Employment is an increasingly lagging indicator, here is more data. Growth and productivity are humming along, but employment as a percentage of population fails to impress. Consider a few reasons why this might be:
1. Productivity growth is high, so employers are disinclined to hire more workers. The workers they already have are producing plenty. This explanation, of course, requires that firms have some market power, so they can’t sell all they want at prevailing market prices. There is then little point in hiring more workers, even if wages were to fall, because the extra output would be hard to sell at a good price. Of course if real demand were rising or otherwise robust, high productivity could cause firms to hire more workers rather than fewer.
This all may lead some of my astute readers to wonder what coordination failure is preventing Say’s Law from holding in this context. Does not supply create its own demand, at least barring a massive increase in the demand to hold money?

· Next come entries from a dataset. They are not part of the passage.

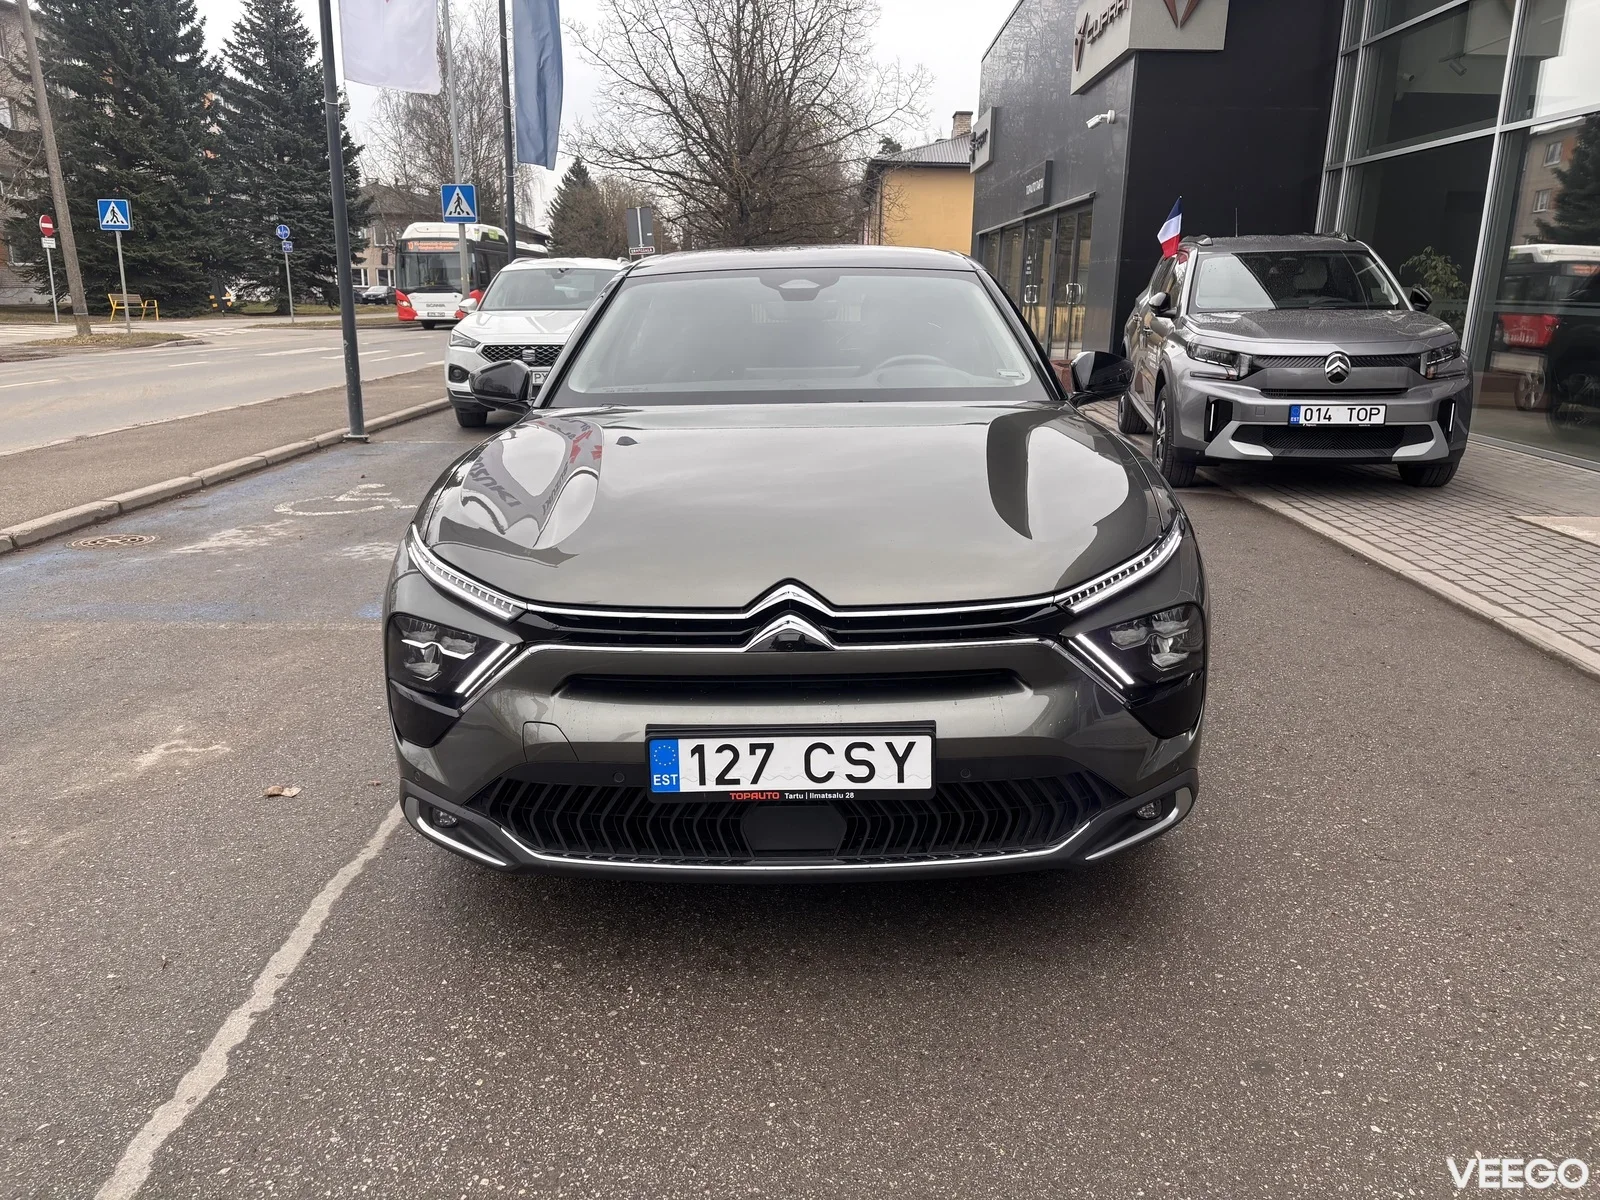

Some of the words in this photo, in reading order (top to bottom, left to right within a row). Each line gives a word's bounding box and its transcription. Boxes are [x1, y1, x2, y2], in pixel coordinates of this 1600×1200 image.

[1086, 0, 1129, 44] CUPRA
[1303, 407, 1332, 422] 014
[1347, 407, 1381, 422] TOP
[690, 742, 775, 786] 127
[804, 741, 917, 784] CSY
[653, 774, 678, 786] EST
[729, 792, 780, 800] TOPAUTO
[784, 792, 804, 800] Tartu
[809, 792, 844, 800] Ilmatsalu
[845, 791, 855, 799] 28
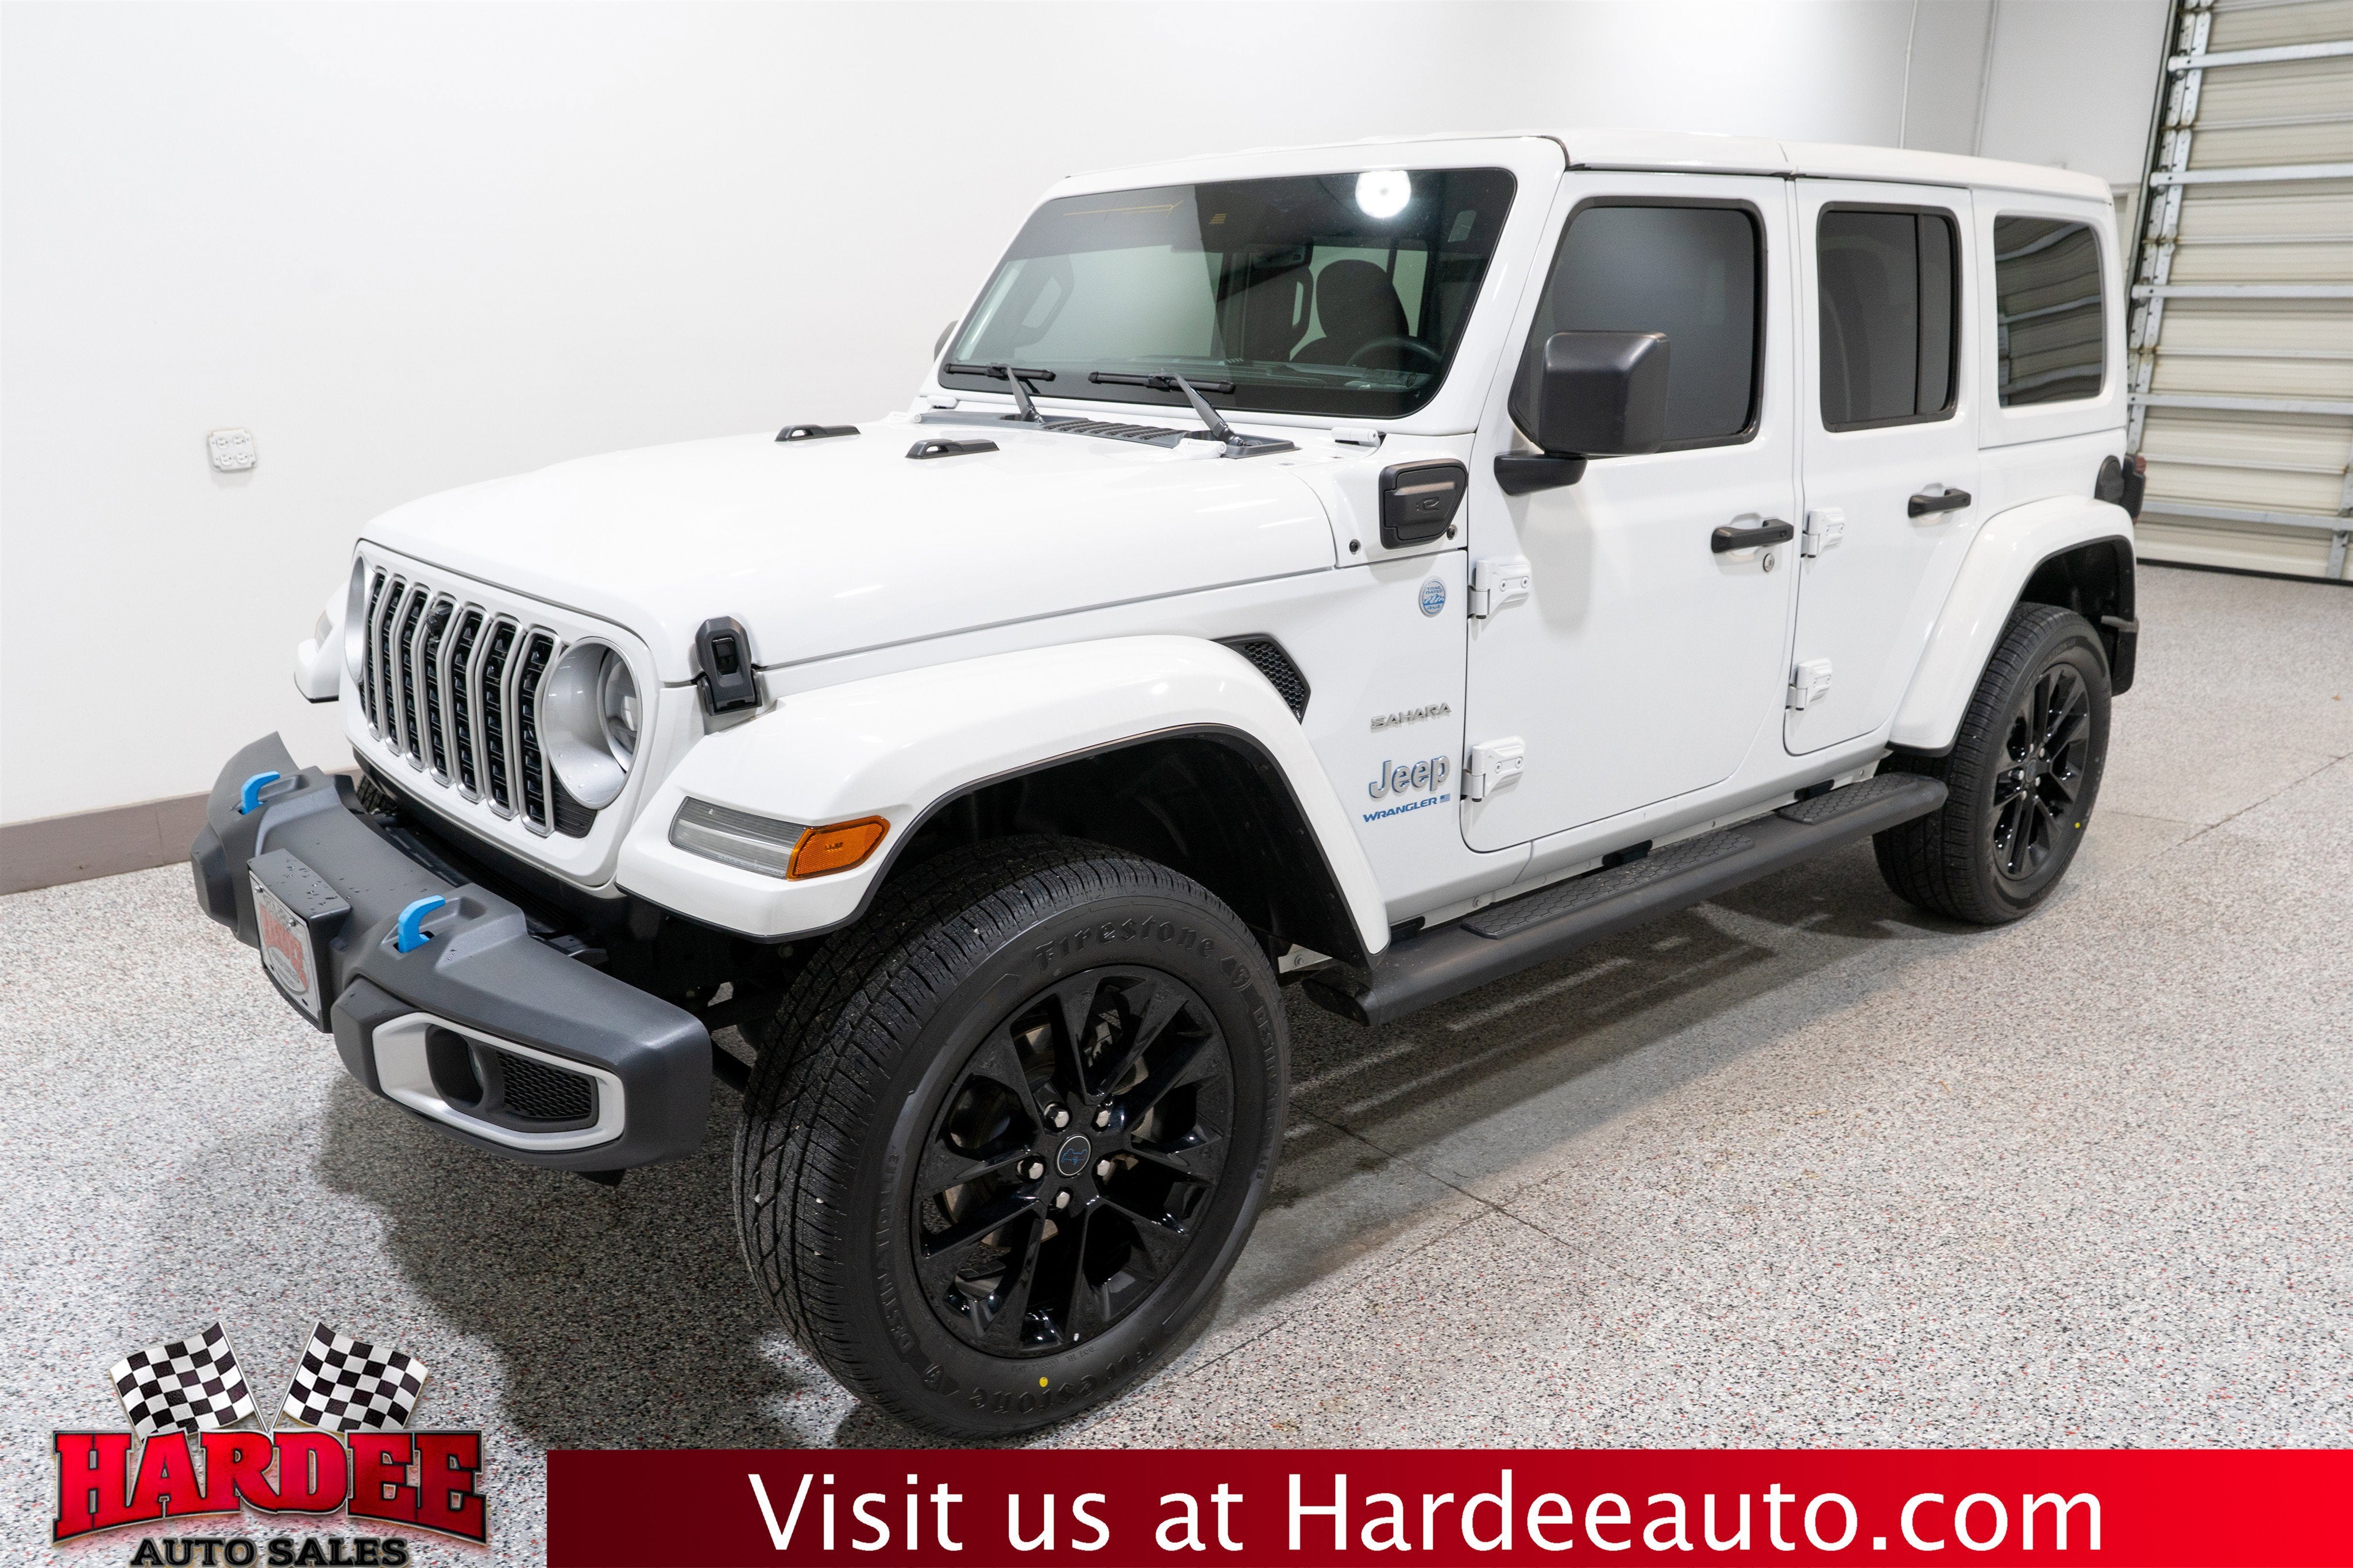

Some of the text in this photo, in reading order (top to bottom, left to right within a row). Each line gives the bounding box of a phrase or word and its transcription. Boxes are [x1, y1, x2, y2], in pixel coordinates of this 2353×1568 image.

[1371, 702, 1452, 728] SAHARA
[1369, 755, 1451, 798] Jeep
[1363, 797, 1437, 822] WRANGLER
[1035, 915, 1215, 972] Firestone

Read Alex for more on this one.
2. The data may overstate the puzzle in the first place.
3. Maybe we are mismeasuring employment by focusing too much on the payroll survey and not enough on the household survey. But just try mentioning this one, and Brad DeLong will thwack you hard. Do note that Alan Greenspan agrees with Brad. The two measures are often quite different, but I have to go with the payroll survey here.
4. Health care costs per worker are extremely high. True, but this has been the case for some time.

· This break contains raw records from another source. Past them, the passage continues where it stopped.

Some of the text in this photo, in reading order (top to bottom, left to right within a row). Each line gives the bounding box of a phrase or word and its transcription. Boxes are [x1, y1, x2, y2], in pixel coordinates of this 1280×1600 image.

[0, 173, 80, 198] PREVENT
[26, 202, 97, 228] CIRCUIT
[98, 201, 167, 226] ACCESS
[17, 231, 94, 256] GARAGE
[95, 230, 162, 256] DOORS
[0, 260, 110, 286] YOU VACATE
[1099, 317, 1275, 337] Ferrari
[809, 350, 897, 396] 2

5. Some parts of the Bush tax plan have induced firms to substitute capital expenditures for labor. And in the short run, capital and labor may be more substitutable, and less complementary, than in times past. Information technology can substitute for unskilled labor more than before.
6. Bush introduced a “tax cut for the rich,” rather than undertaking fiscal stimulus of the traditional Keynesian kind; read Brad on this one. I am less sanguine about traditional fiscal policy, plus this doesn’t explain why labor market recovery has been so slow, even if it might have been more rapid under different conditions.
7. Firms are outsourcing jobs overseas. The ever-excellent Daniel Drezner debunks this one, though I am not quite ready to assign it measure zero in effect.
8. For some unknown sociological or economic reason, workers are getting discouraged from seeking work more easily than in times past. They leave the labor force, which keeps the percentage of employed low but the unemployment rate low as well. I don’t rule this out, but I don’t have a contending hypothesis here either.
9. Firms are/were uncertain about terrorism, Iraq, corporate scandals, new information technologies, and sectoral shifts. Rather than locking in with hires, they will hold back and wait. But why would this affect labor more adversely than investment or stock prices?
10. Downward stickiness of wages. OK, this is what classical economics would lead you to expect, but in reality wages have become less sticky over time.
The bottom line: The conventional wisdom will opt for some combination of one and nine. Four, five, seven, and eight may explain further pieces of the puzzle. But I would sooner call the whole thing a continuing mystery. Note that most of these hypotheses imply that the economy can still become quite a bit better yet. Either Bush or Kerry will get credit for this, without deserving the plaudits.
Addendum: Arnold Kling adds to the mix.